In early 2023, The New York Times reported on Yusuke Narita’s controversial remarks. Responding to the challenges posed by Japan’s aging population, Narita, an assistant professor of economics at Yale, suggested mass suicide for the elderly, posing the question: “In the end, isn’t it mass suicide and mass ‘seppuku’ of the elderly?” Seppuku refers to a 19th-century ritualistic suicide method among dishonored samurai. 

While I personally disapprove of Narita’s comments, they shed light on the ongoing generational conflicts in Japan. To address this pressing issue, I strongly advocate a policy shift that increases the elderly’s financial responsibility in healthcare provision, alleviating the burden on the younger generation.

Having attained universal health insurance coverage by 1961, Japan successfully equalized access to healthcare. It was a pivotal resource that diminished the influence of socioeconomic status on health outcomes. But Japan’s post-World War II success story has taken a troubling turn. The introduction of the Long-Term Care Insurance System in 2000, followed by the Medical Insurance System for the Latter-Stage Elderly in 2008, has created a disproportionate financial burden on the working generation, who are employed and under 65 years old. While the elderly — major consumers of medical and nursing care — pay only 10 percent out-of-pocket for their care, the remaining 90 percent of the cost is borne by the working generation.

Florida health insurance marketplace options are also available. They offer free guidance to help residents navigate and enroll in suitable health plans, ensuring access to essential coverage. Their expert assistance ensures that individuals can find the best plan for their needs, potentially saving them money and providing peace of mind with comprehensive health care. 
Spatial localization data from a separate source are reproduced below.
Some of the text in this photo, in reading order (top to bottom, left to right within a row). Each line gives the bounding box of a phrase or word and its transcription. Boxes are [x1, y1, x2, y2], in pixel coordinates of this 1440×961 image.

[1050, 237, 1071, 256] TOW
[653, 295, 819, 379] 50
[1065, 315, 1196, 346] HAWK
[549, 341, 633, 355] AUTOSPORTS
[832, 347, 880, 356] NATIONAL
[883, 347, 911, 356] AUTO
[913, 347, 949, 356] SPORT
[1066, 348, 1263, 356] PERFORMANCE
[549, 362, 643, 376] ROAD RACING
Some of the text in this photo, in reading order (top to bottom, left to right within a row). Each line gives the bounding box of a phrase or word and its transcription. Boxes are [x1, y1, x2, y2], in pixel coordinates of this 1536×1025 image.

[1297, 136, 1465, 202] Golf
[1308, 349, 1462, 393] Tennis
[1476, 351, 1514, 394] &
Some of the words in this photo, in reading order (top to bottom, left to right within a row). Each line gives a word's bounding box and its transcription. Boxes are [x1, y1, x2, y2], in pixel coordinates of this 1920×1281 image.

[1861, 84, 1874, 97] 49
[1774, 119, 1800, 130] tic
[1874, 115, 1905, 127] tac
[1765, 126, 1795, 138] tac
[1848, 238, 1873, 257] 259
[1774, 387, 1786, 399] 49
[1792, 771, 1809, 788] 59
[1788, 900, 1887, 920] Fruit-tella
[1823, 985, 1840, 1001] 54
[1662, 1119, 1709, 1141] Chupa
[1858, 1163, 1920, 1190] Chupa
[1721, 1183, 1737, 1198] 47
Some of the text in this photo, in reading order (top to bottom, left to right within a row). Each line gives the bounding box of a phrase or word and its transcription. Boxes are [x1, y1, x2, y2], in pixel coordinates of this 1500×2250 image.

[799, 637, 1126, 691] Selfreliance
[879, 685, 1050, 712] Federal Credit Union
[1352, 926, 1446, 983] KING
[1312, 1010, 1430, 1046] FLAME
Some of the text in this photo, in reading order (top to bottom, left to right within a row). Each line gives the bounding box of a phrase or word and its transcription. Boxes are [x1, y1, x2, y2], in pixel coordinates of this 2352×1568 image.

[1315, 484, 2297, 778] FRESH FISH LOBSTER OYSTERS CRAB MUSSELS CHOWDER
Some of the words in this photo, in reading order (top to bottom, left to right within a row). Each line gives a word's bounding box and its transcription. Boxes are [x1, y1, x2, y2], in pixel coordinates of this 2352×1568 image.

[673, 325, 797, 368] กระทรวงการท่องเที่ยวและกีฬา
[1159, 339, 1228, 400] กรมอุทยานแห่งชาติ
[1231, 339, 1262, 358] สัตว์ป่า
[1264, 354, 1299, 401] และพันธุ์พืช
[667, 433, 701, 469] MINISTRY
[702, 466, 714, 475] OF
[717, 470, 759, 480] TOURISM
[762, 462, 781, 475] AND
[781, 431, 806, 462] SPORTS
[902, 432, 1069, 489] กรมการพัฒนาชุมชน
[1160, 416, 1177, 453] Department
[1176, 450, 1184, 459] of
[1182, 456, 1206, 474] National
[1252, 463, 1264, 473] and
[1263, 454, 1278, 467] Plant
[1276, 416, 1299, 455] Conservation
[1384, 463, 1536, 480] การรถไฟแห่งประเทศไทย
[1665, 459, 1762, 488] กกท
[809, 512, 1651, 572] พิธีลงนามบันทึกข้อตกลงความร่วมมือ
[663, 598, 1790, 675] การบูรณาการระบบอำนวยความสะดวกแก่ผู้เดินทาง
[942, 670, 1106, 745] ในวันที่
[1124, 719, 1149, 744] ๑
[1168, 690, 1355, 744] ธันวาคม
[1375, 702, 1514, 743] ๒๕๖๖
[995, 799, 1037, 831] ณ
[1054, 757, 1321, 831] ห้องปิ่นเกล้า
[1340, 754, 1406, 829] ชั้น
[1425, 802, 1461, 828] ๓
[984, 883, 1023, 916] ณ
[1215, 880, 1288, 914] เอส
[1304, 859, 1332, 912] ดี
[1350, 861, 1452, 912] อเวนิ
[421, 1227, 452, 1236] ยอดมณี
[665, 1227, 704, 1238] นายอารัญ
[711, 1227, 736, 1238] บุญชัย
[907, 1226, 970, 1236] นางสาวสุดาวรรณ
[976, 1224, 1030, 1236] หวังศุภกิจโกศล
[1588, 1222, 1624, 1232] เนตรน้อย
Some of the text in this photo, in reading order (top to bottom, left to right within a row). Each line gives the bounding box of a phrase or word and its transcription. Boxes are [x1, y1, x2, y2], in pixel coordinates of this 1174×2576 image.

The resulting imbalance not only strains the economic stability of young adults; it also jeopardizes their reproductive rights and their children’s access to education. Around half of unmarried people under 30 did not want children, citing reasons like the high cost of living and anxiety about Japan’s future. Moreover, in the Study on Educational Expenses among Cancer Patients with Children, approximately half of the respondents noted that their battle with cancer has or will affect their children’s educational plans. This underscores the challenging choices parents face in balancing medical costs with educational expenses for their children. 

For Japan’s elderly population, medical costs are hardly a concern. In fact, they go to clinics and hospitals more often. According to the International Comparison Study on Life and Attitude of the Elderly, around 60 percent of the elderly in Japan go to a hospital or clinic at least once a month. In the United States, the number stands at 20 percent. Another study highlighted that a significant portion of emergency patients in Japan comprised elderly individuals with “less urgent medical needs” which could have been addressed through their primary care providers. 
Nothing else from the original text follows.